■ REQUIRED WORK
Each record that follows should be repeated exactly, minus any images.

■ EXCERPTED DATA
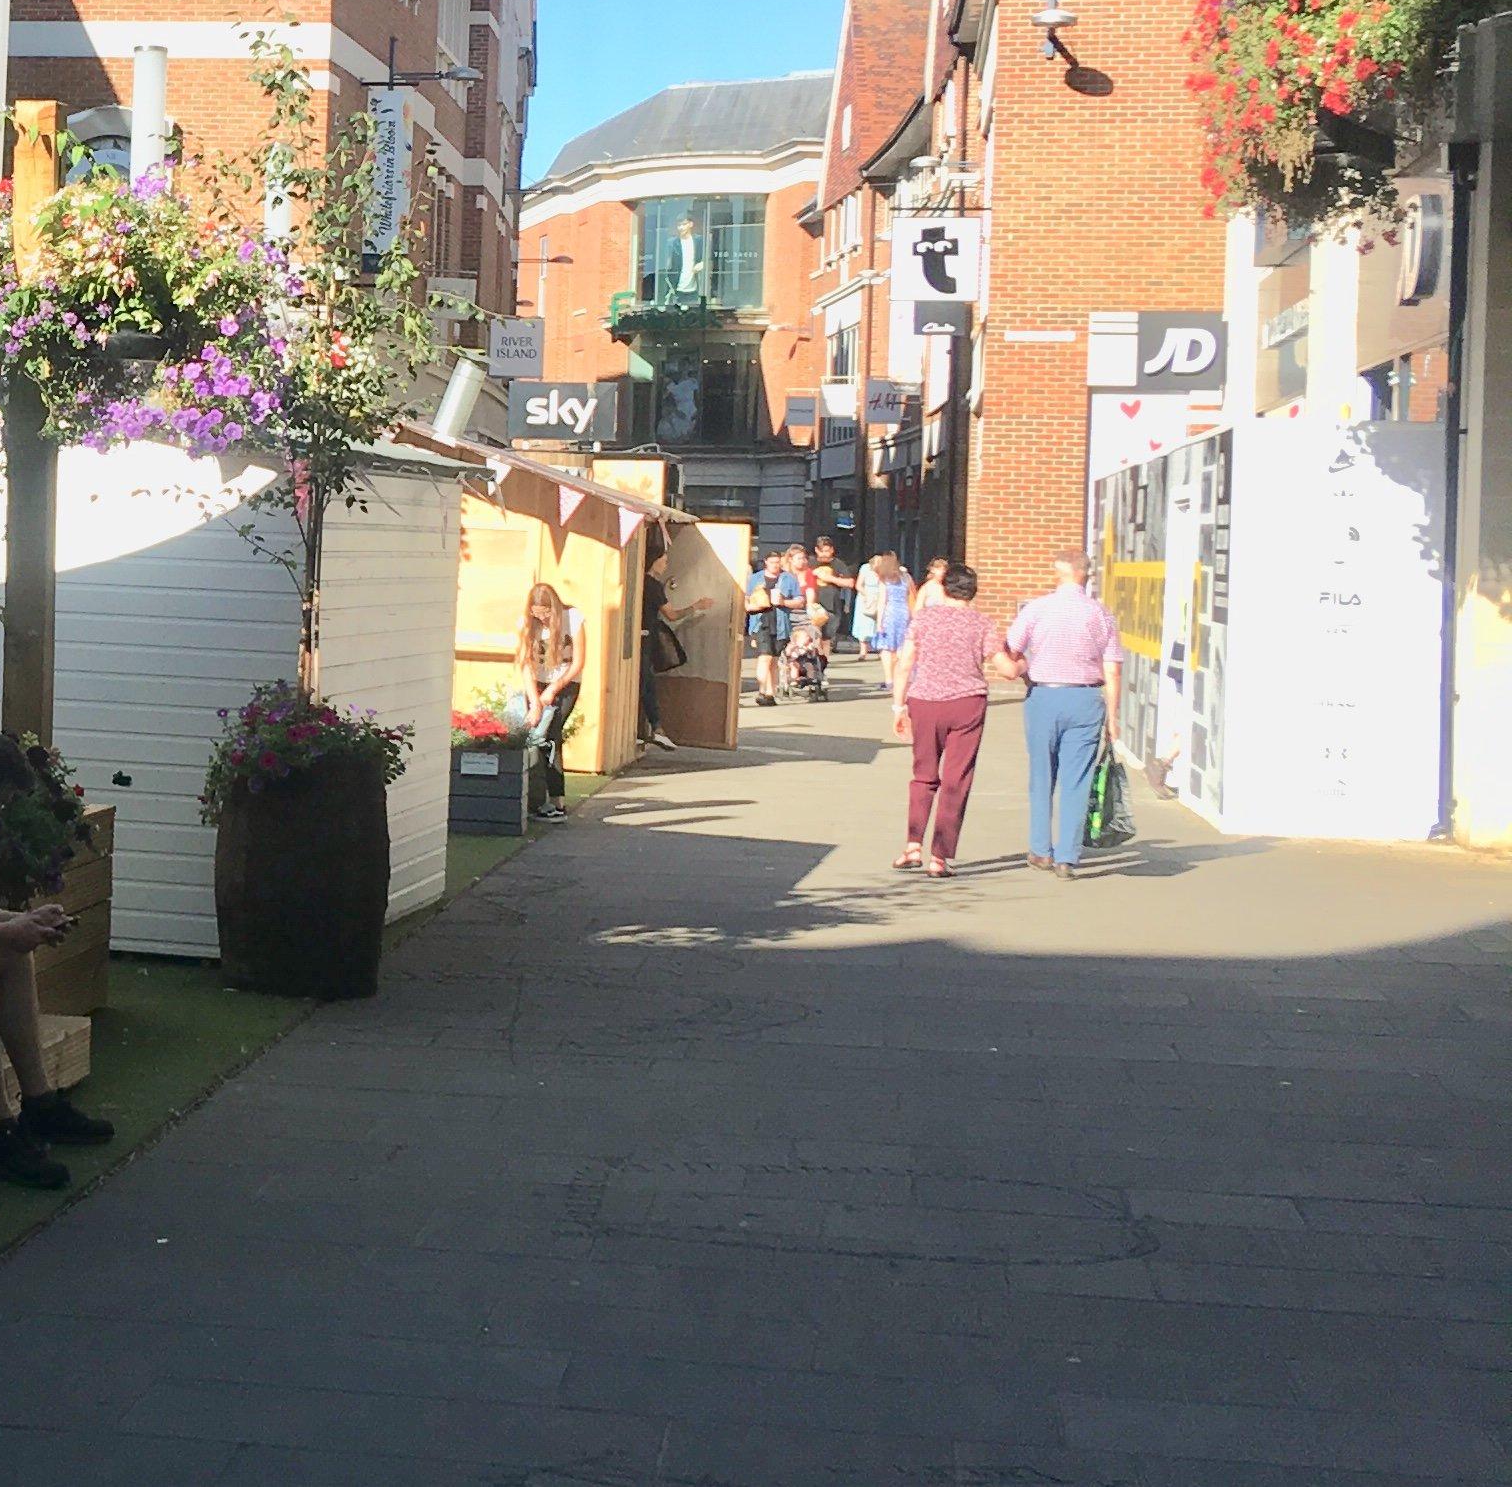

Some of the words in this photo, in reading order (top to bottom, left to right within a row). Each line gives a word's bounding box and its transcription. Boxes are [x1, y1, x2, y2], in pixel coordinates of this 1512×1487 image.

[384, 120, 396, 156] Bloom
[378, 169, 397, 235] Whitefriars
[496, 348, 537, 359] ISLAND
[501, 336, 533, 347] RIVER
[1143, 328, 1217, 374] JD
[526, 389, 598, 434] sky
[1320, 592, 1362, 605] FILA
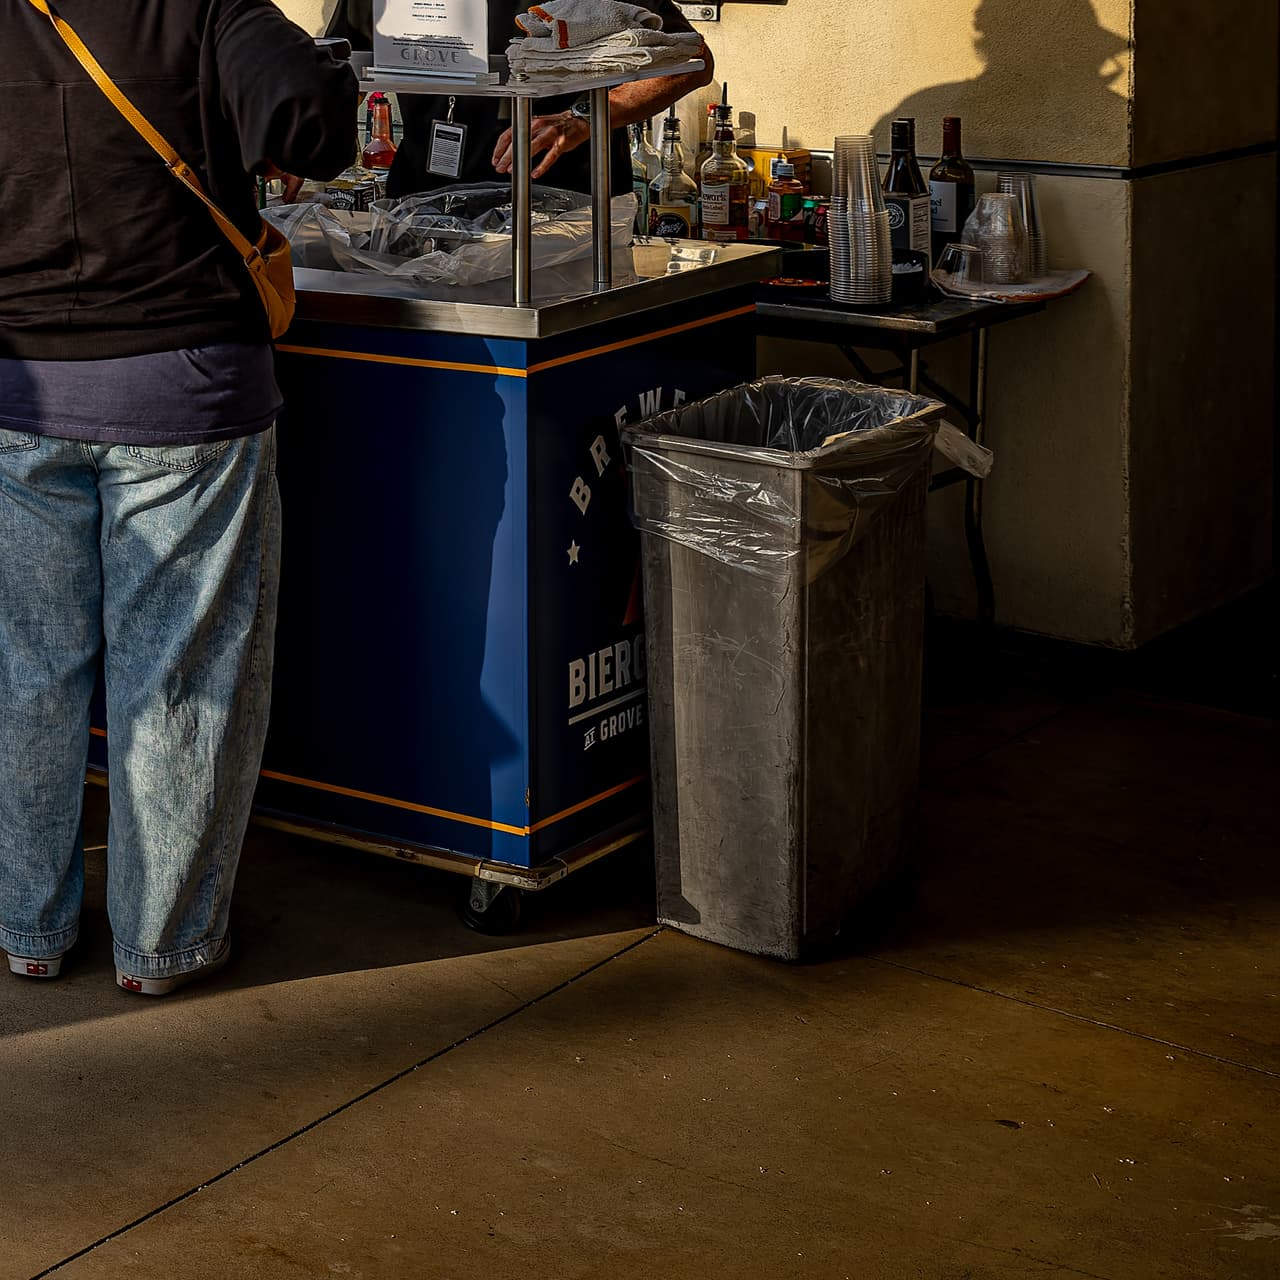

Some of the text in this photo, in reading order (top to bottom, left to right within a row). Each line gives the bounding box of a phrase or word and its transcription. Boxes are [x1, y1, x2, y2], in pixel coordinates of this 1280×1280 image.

■ TASK RESULT
Some of the words in this photo, in reading order (top to bottom, left to right within a row). Each line gives a word's bounding box and its transcription. Boxes are [x1, y1, x2, y2], in pixel coordinates of this 1512×1487 image.

[384, 120, 396, 156] Bloom
[378, 169, 397, 235] Whitefriars
[496, 348, 537, 359] ISLAND
[501, 336, 533, 347] RIVER
[1143, 328, 1217, 374] JD
[526, 389, 598, 434] sky
[1320, 592, 1362, 605] FILA

Some of the text in this photo, in reading order (top to bottom, left to right within a row). Each line gives the bounding box of a phrase or word and its transcription. Boxes are [x1, y1, x2, y2], in pixel coordinates of this 1280×1280 image.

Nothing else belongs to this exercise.